APA Kabar Indonesia? Di tengah perayaan kemerdekaan yang sedikit tercoreng dengan perilaku “oknum” kepolisian yang meruntuhkan marwah institusi, tempat masyarakat mengadukan masalah hukumnya, Sang Merah Putih masih bisa berkibar di pelosok – pelosok desa, sudut – sudut rumah, hingga gedung – gedung sekolah dan perkantoran.
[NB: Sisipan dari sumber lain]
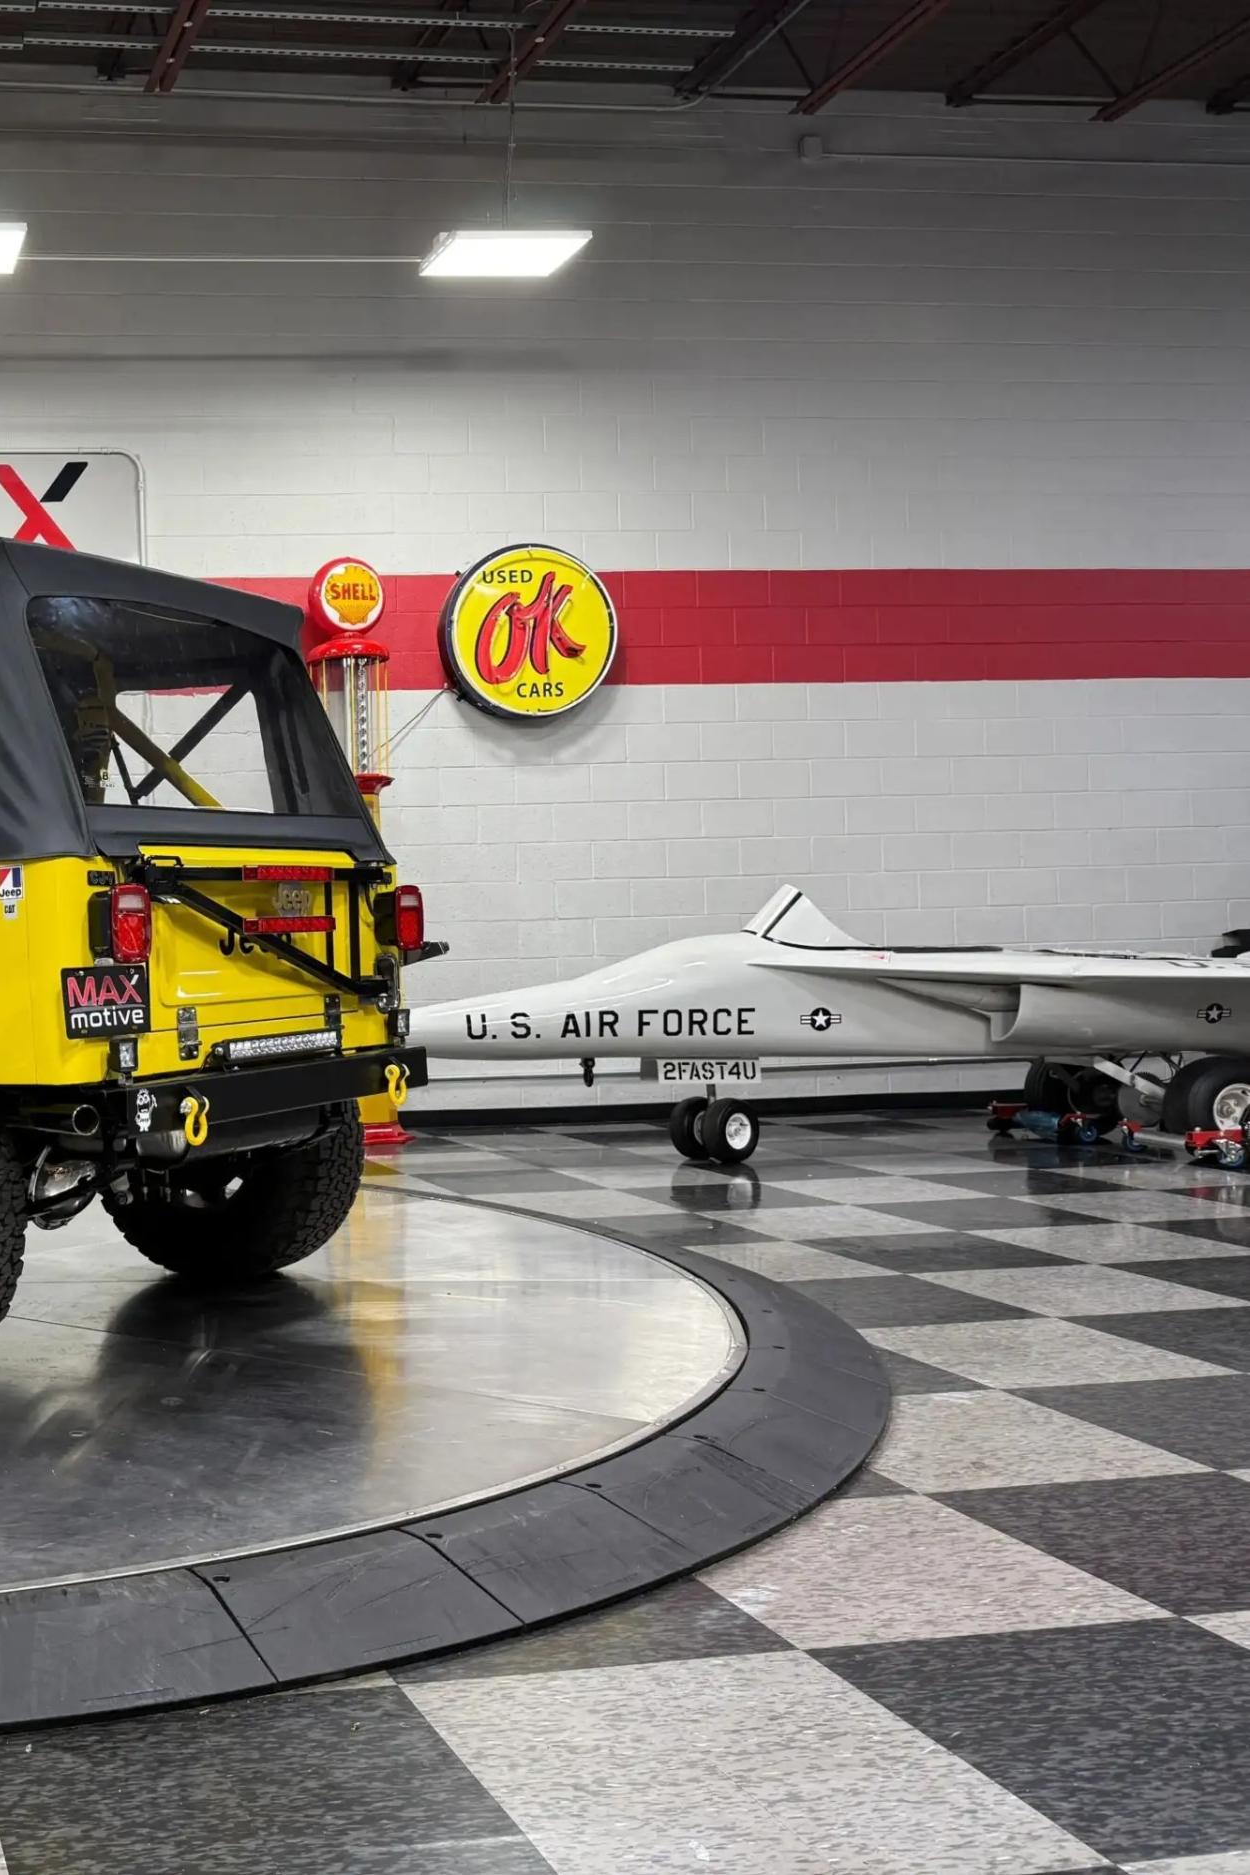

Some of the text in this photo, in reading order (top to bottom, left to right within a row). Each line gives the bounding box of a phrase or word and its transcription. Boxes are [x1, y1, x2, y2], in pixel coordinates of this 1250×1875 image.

[482, 569, 533, 584] USED
[330, 582, 377, 601] SHELL
[516, 682, 564, 698] CARS
[0, 889, 22, 898] Jeep
[67, 974, 143, 1008] MAX
[71, 1008, 144, 1029] motive
[466, 1008, 756, 1040] U. S. AIR FORCE
[663, 1061, 757, 1081] 2FAST4U
Presiden bersama para pejabatnya bahkan melakukan perayaan yang tidak seperti biasanya, mengundang penyanyi cilik untuk menghibur seluruh undangan yang menghadiri upacara kemerdekaan negeri ini di Istana negara. Penyanyi cilik, tentu saja masih innocent, yang membawakan lagu “Ojo dibandingke”, sebuah lagu yang kalau hanya melihat judulnya akan membawa imajinasi terbang ke mana-mana. Apa yang tidak boleh dibanding – bandingkan? Siapa yang tidak boleh dibanding bandingkan? Yang jelas, para pejabat saat itu sedang tidak ingin membanding – bandingkan, karena mereka hanya ingin menikmati untaian lagu yang dinyanyikan oleh sang penyanyi.
Saking menikmatinya, sepanjang lagu tersebut, yang bahkan sang penyanyi cilik diminta untuk mengulangi bernyanyi lagu yang sama sebanyak 2 kali, para pejabat itu menari
dan berjoget memperlihatkan kegembiraan dalam suasana penuh kebahagiaan di hari kemerdekaan Indonesia yang ke 77.
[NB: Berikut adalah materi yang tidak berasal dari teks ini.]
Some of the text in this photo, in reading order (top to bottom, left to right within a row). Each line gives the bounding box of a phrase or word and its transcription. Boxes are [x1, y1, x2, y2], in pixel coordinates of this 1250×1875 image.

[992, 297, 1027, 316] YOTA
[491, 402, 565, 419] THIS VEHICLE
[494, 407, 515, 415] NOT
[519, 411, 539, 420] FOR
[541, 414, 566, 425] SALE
Apa kabar Indonesia? Belum genap sepekan setelah peringatan sakral kemerdekaan tersebut, ekonomi Indonesia menunjukkan gelagat yang bisa dikatakan sedang tidak baik, menjadi semakin tidak baik. Setelah drama naik turunnya harga minyak goreng yang memakan korban pergantian menteri perdagangan, ternyata harga telur pun terkerek naik mencapai harga tertinggi sepanjang sejarah (https://CNBC.com, 24 Agustus 2022).
Tidak mau menjadi korban sebagaimana pendahulunya, menteri perdagangan yang baru, mengeluarkan pernyataan bahwa harga telur naik karena cairnya dana bantuan sosial (Bansos) yang menyebabkan tingginya permintaan, sementara produksi terbatas. Pernyataan yang kemudian harus disanggah oleh Kemensos, hingga dua kementerian ini harus saling memberi klarifikasi, walaupun tetap saja, klarifikasi keduanya tidak memberi solusi terbaik terhadap masalah utama yaitu bagaimana menurunkan harga telur, tetapi justru blaming (menyalahkan) dan self defence (membela diri).
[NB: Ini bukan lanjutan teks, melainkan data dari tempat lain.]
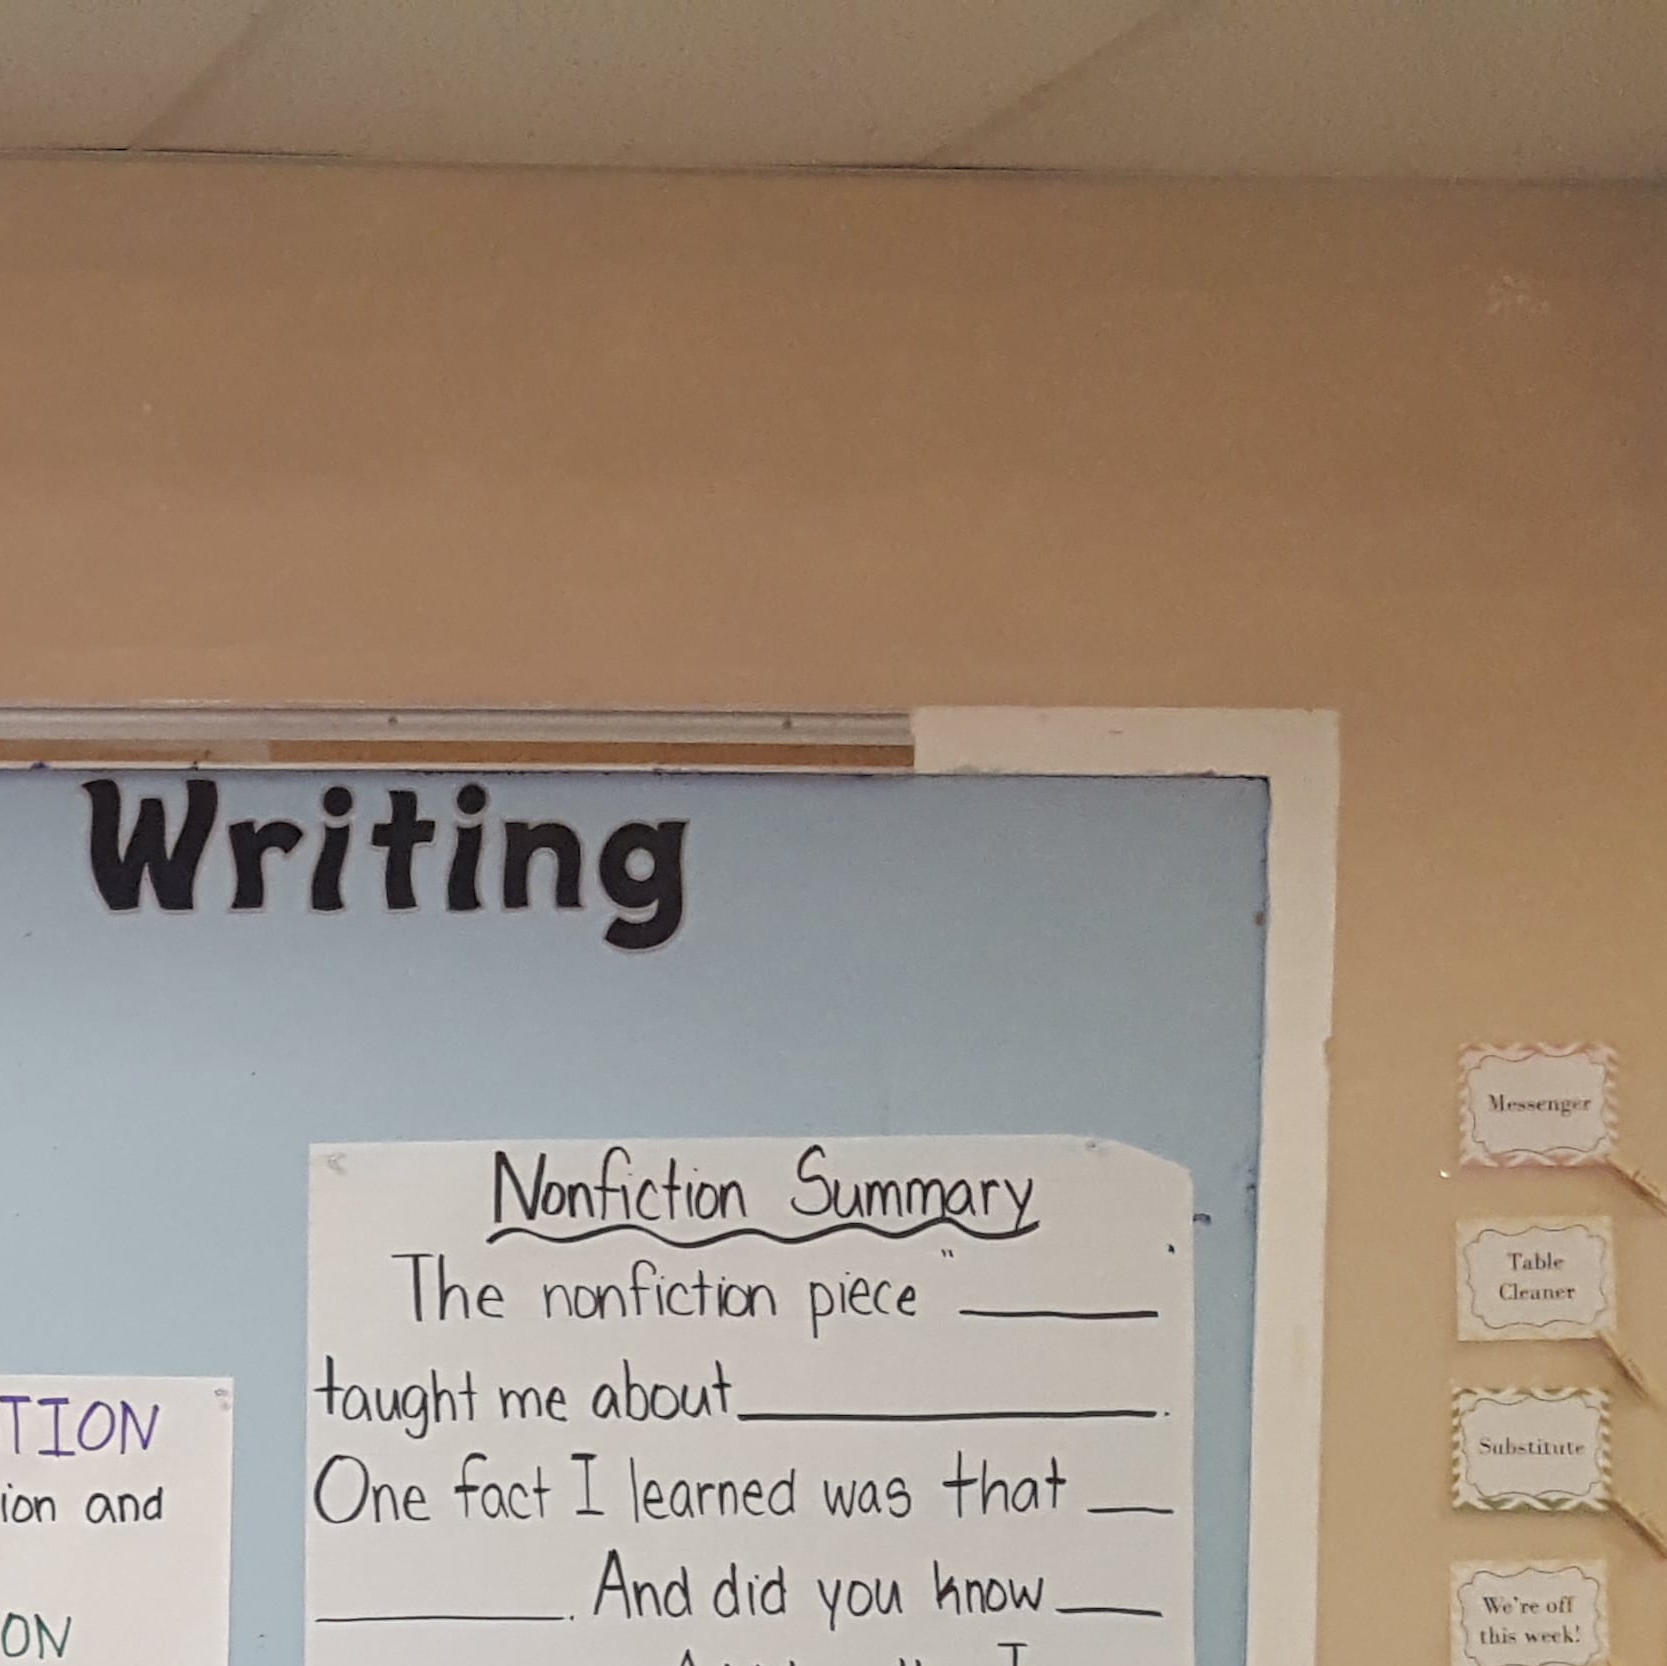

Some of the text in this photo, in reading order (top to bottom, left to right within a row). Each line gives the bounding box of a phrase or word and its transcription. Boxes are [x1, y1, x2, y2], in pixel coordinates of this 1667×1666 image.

[81, 777, 690, 952] Writing
[1487, 1094, 1591, 1114] Messenger
[489, 1144, 1040, 1228] Nonfiction Summary
[1506, 1253, 1564, 1272] Table
[390, 1252, 917, 1340] The nonfiction piece
[1498, 1283, 1576, 1302] Cleaner
[1479, 1437, 1586, 1457] Substitute
[84, 1485, 164, 1525] and
[592, 1547, 1045, 1632] And did you know
[1483, 1597, 1575, 1616] We're off
[1479, 1625, 1580, 1645] this week!
Seorang penjual Soto di bilangan daerah Jawa Barat menyampaikan uneg – uneg nya kepada penulis, bahwa dulu waktu ia kecil, dengan hidup dalam keterbatasan ekonomi, kakeknya memberikan ia telur untuk merasakan nikmatnya makan ayam. Lalu ia berseloroh, kalau kakeknya masih hidup, apakah harus makan ayam untuk bisa merasakan makan telur.
Pertanyaan yang rumit untuk dijawab, serumit menjawab pertanyaan iseng tapi tricky, apakah ayam dahulu yang ada baru telur, ataukah telur dahulu yang ada baru ayam.(bersambung*)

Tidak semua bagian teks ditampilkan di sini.